Menjalankan ibadah puasa nikmatnya tiada tara. Bacaan merdu ayat-ayat suci Alquran dilantunkan di segenap penjuru. Bulan suci Ramadhan bagai gemericik air tenang yang menyejukkan. Datangnya selalu dinanti, pulangnya selalu ditangisi. Subhanallah. Bertadarus Alquran dan memahami maknanya, shalat malam, berkumpul dengan orang shalih, berpuasa, dan berzikir di sepertiga malam adalah karunia terbesar. Selain menentramkan jiwa, lima hal tersebut bisa menjadi penawar rindu dengan Allah azza wa jalla sekaligus obat hati.

***

Sepulang kerja dini hari itu, saya mampir ke daerah Wonocolo, Surabaya. Di kawasan kampus IAIN Sunan Ampel tersebut, saya berniat membeli nasi bungkus untuk santap sahur. Jam menunjukkan pukul dua pagi saat itu. Pada saat bersamaan, di sebuah pertigaan kampung, di daerah Wonocolo, saya berpapasan dengan sekelompok bocah berumur sekitar 7-14 tahun.

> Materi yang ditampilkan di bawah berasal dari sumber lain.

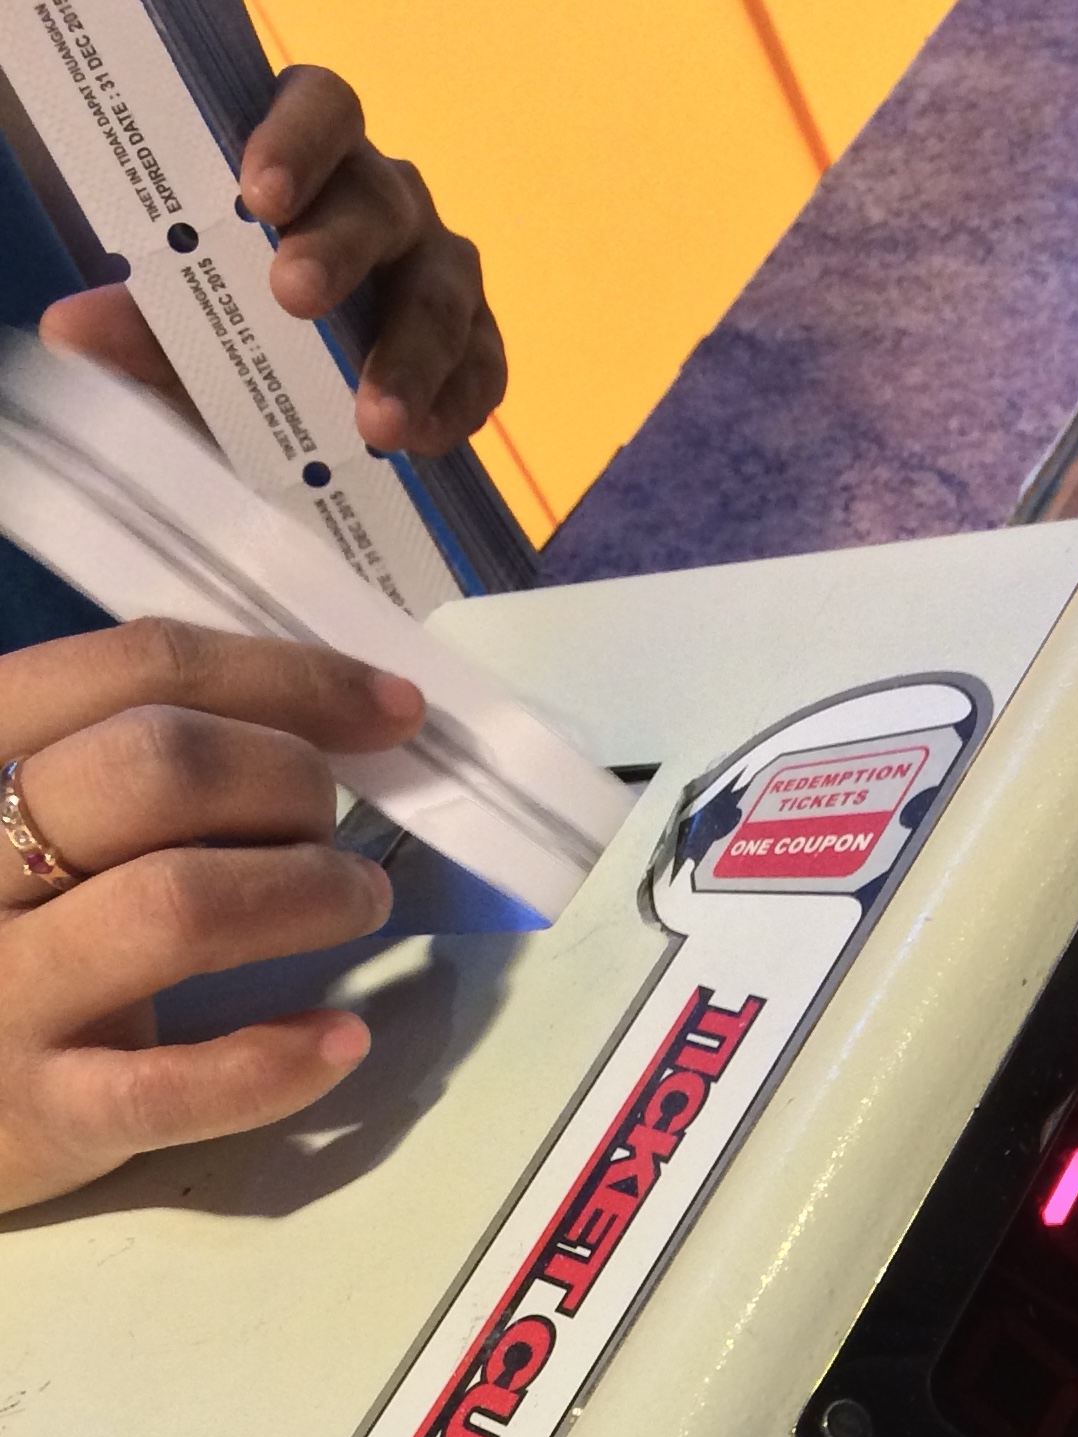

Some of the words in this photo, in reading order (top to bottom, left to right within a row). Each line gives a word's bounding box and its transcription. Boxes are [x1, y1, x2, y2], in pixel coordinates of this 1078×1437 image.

[34, 3, 86, 83] DIUANGKAN
[75, 34, 103, 71] DEC
[95, 72, 115, 92] 31
[78, 86, 110, 127] DAPAT
[111, 102, 145, 145] DATE
[103, 126, 131, 167] TIDAK
[125, 166, 144, 184] INI
[137, 147, 182, 214] EXPIRED
[135, 186, 161, 222] TIKET
[197, 257, 227, 292] 2015
[218, 293, 245, 326] DEC
[237, 327, 255, 345] 31
[221, 339, 251, 378] DAPAT
[252, 352, 282, 393] DATE
[274, 394, 317, 453] EXPIRED
[770, 763, 913, 794] REDEMPTION
[778, 789, 869, 812] TICKETS
[730, 839, 771, 857] ONE
[774, 832, 874, 855] COUPON
[528, 984, 768, 1319] TICKET
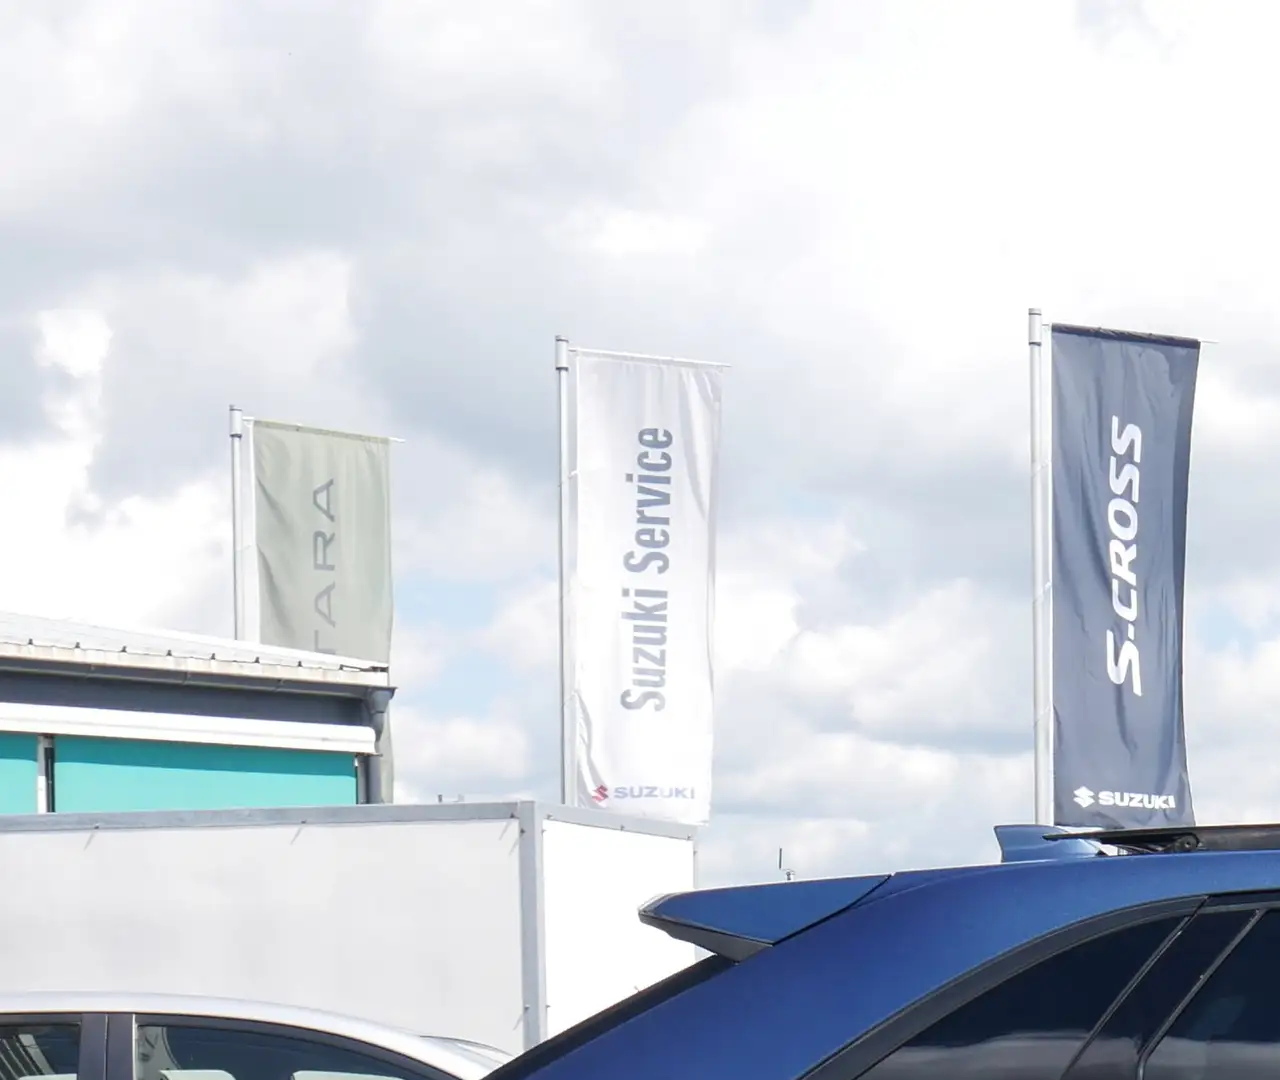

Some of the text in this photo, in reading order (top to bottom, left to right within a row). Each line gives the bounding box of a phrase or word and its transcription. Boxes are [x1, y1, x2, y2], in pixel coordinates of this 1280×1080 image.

[619, 427, 674, 712] Suzuki Service
[612, 785, 696, 800] SUZUKI
[1097, 790, 1177, 809] SUZUKI

Mereka berada tak jauh dari sebuah masjid besar di situ. Berselempang sarung dan alat-alat seperti botol, kaleng bekas, kentongan, dan ecrek-ecrek (alat musik dari tutup botol), mereka rupanya bersiap-siap untuk membangunkan warga sekitar agar segera bersantap sahur. Tak ada orang dewasa yang membimbing mereka. Saat saya tanya kepada salah seorang di antara mereka, saya mendapat jawaban bahwa hal itu adalah inisiatif mereka sendiri. Dia menerangkan bahwa hal tersebut biasa mereka lakukan tiap memasuki Ramadhan.

Alhamdulillah, anak-anak itu telah melakukan hal terpuji tanpa dikomando. Suara anak-anak yang kompak meneriakkan, ”Sahur.. Sahur..” lazim terjadi di beberapa daerah. Suasana Ramadhan di kampung memang begitu dirindukan setiap orang yang tinggal di kota. Yang membahagiakan, saat azan magrib menyapa, menyantap hidangan berbuka nikmatnya seakan tak bisa terlukis dengan kata-kata. Saya begitu terharu ketika menatap anak-anak yatim berbuka bersama di sebuah panti asuhan di Surabaya. Wajah-wajah mereka begitu ceria.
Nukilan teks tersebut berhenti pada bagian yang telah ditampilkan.